Free-text object descriptions:
= = = = = = =

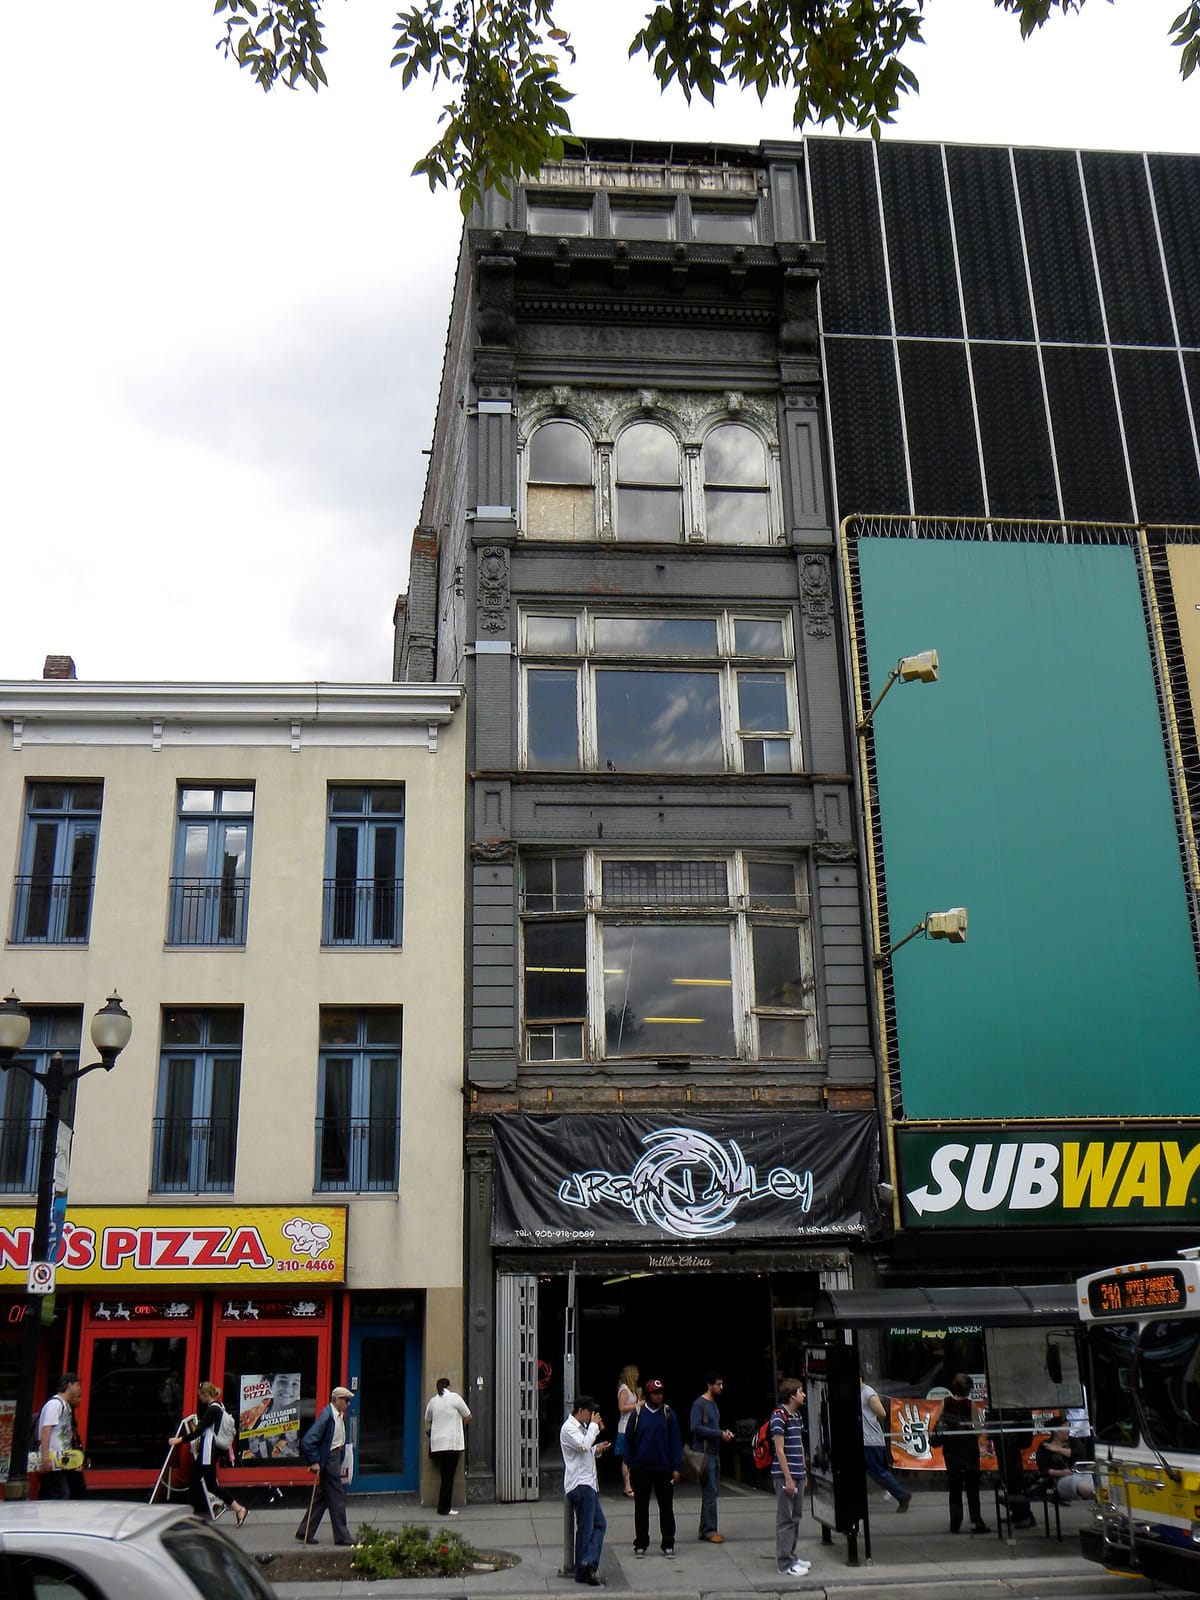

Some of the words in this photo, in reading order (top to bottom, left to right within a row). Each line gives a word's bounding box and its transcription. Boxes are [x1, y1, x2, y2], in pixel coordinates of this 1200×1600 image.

[906, 1141, 1200, 1217] SUBWAY
[103, 1229, 268, 1268] PIZZA
[277, 1259, 335, 1272] 310-4466
[134, 1305, 157, 1314] OPEN
[243, 1389, 272, 1400] PIZZA

= = = = = = =

Instructions to follow
Nothing but the pictures may be dropped; output the records above exactly.

Answer to the exercise
Some of the words in this photo, in reading order (top to bottom, left to right within a row). Each line gives a word's bounding box and its transcription. Boxes are [x1, y1, x2, y2], in pixel coordinates of this 1200×1600 image.

[906, 1141, 1200, 1217] SUBWAY
[103, 1229, 268, 1268] PIZZA
[277, 1259, 335, 1272] 310-4466
[134, 1305, 157, 1314] OPEN
[243, 1389, 272, 1400] PIZZA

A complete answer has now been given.